En un estudio reciente, el autor principal, Domenico Praticò, de la Facultad de Medicina Lewis Katz de la Universidad de Temple en Filadelfia, y sus colegas llevaron a cabo una investigación para comprobar si el aceite de canola estaba a la altura de su reputación saludable.

Los científicos dividieron a ratones con Alzheimer en dos grupos. A un grupo se le administró una dieta enriquecida diariamente con el equivalente humano a dos cucharadas de aceite de canola, mientras que al otro se le administró una dieta normal.

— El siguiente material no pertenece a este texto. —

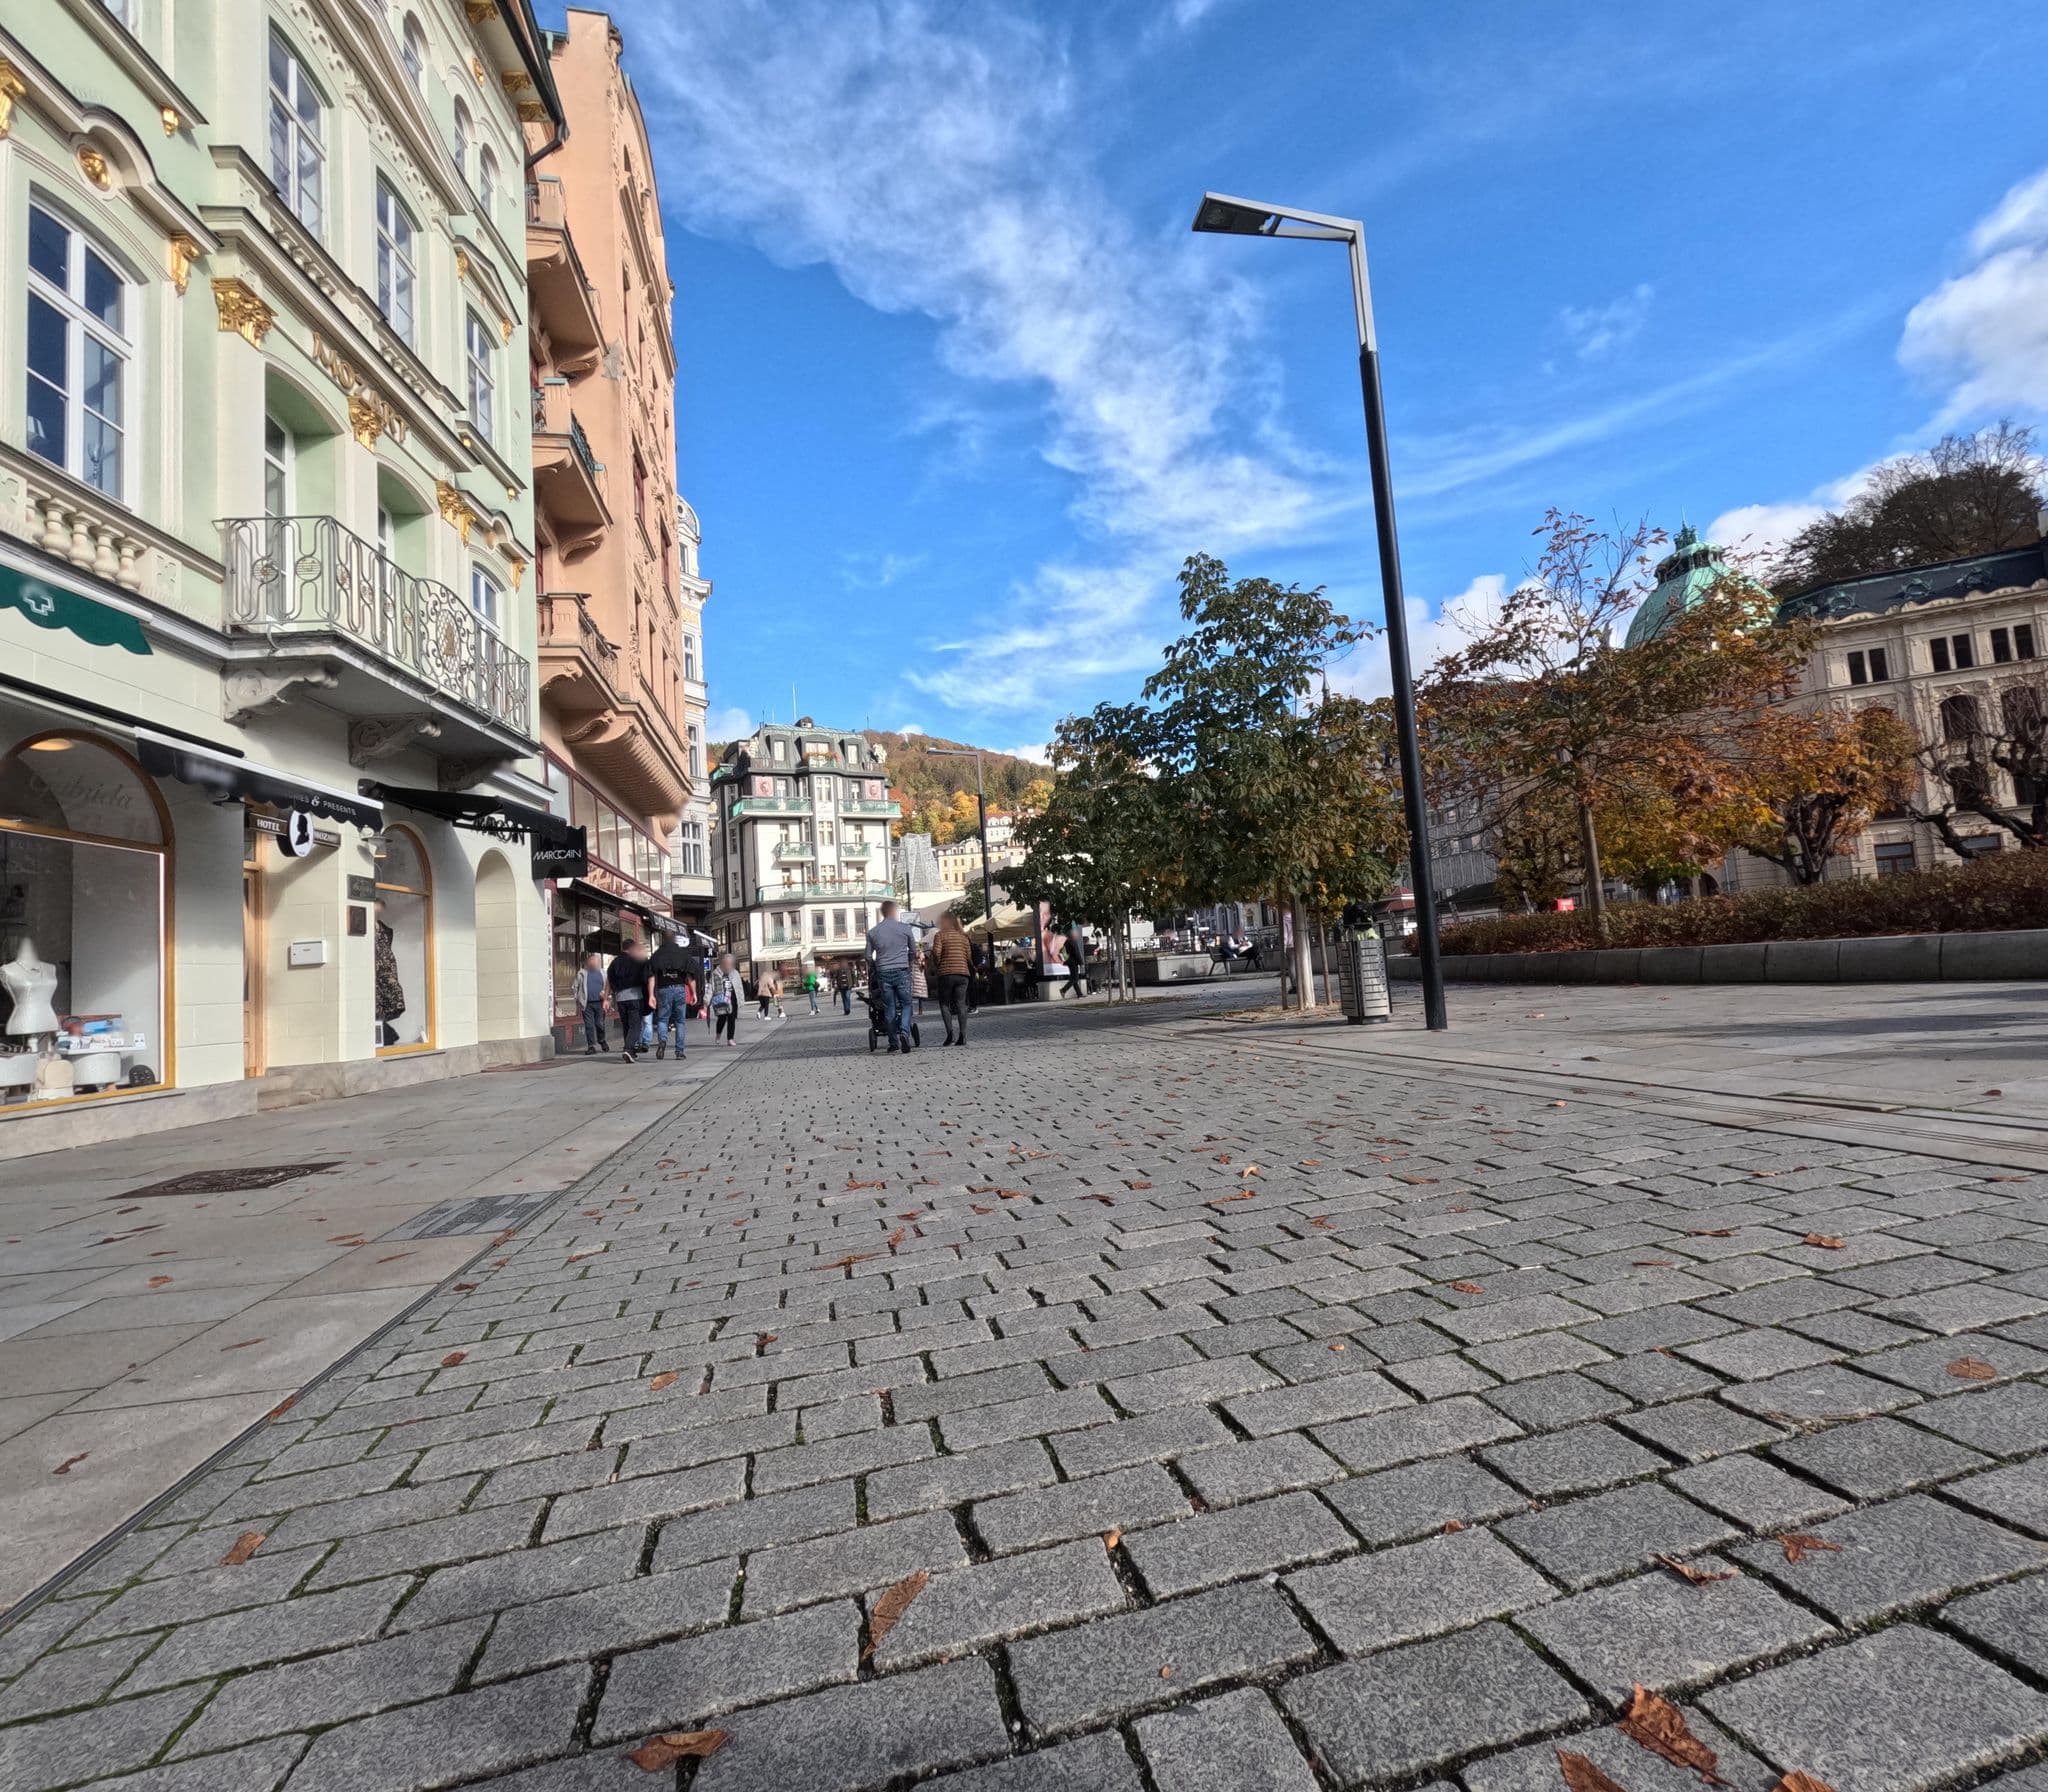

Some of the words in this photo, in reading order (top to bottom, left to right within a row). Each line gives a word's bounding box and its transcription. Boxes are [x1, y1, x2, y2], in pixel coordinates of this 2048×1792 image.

[311, 795, 320, 807] &
[323, 800, 357, 816] PRESENTS
[256, 818, 281, 832] HOTEL

Se observó a todos los ratones durante seis meses. Cuando los ratones con la dieta rica en canola cumplieron un año de edad, habían ganado peso y presentaban un deterioro significativo de la memoria, en comparación con los ratones del grupo de control.

Además, los análisis neurobioquímicos mostraron que presentaban una reducción de la integridad sináptica (una sinapsis es la unión entre las células nerviosas por donde pasan los impulsos). La disminución de la integridad sináptica significa que la transmisión de impulsos de una célula nerviosa a otra no funciona tan bien. Estudios anteriores han demostrado que esta pérdida está fuertemente correlacionada con el deterioro cognitivo en la EA.

Los ratones alimentados con aceite de canola no mostraron un aumento de las placas amiloides ni de los ovillos neurofibrilares de tau característicos de la EA. No obstante, presentaban una elevación estadísticamente significativa en un parámetro denominado Aβ 42/40, lo que sugiere que tenían una mayor probabilidad de acumular placas en el cerebro.

«En general, nuestros hallazgos no respaldan algunas de las ideas actuales que sugieren beneficios para la salud derivados del consumo regular de aceite de canola», escribieron los autores. «Aunque reconocemos que se necesitan más estudios para investigar los efectos biológicos de este aceite, nuestros datos no justificarían la tendencia creciente a sustituir el aceite de oliva por aceite de canola como parte de una alternativa dietética buena y saludable en países no mediterráneos».

En una entrevista con Olive Oil Times, Simon Poole, médico y autor de The Olive Oil Diet, contrastó los beneficios para la salud de la dieta mediterránea con los aparentes riesgos para la salud del aceite de canola.

«Aunque debemos ser cautelosos a la hora de extrapolar los resultados de los estudios con animales, este estudio confirma que no podemos sustituir el aceite de oliva por otros aceites y esperar obtener los mismos beneficios para la salud. Trabajos anteriores del mismo equipo de investigación demostraron las ventajas del aceite de oliva para la función cognitiva. Estos resultados concuerdan con otros estudios que han demostrado una marcada reducción de la neurodegeneración en ratones con el uso de polifenoles del aceite de oliva, como la oleuropeína.

«Ahora hay pruebas suficientes para asociar la dieta mediterránea, que implica el uso regular de aceite de oliva, con una mejora de la función cognitiva y una menor incidencia de la EA. Los autores de este estudio tienen razón al señalar la escasez de datos sobre las propiedades saludables de otros aceites que tan a menudo se promocionan como posibles alternativas al aceite de oliva».

Aunque el aceite de canola tiene un precio más barato que el aceite de oliva, podría resultar costoso en términos de efectos nocivos para la mente y el cuerpo. El estudio, publicado en la revista Scientific Reports , demuestra que las afirmaciones sobre los beneficios para la salud atribuidas al aceite de canola carecen de fundamento.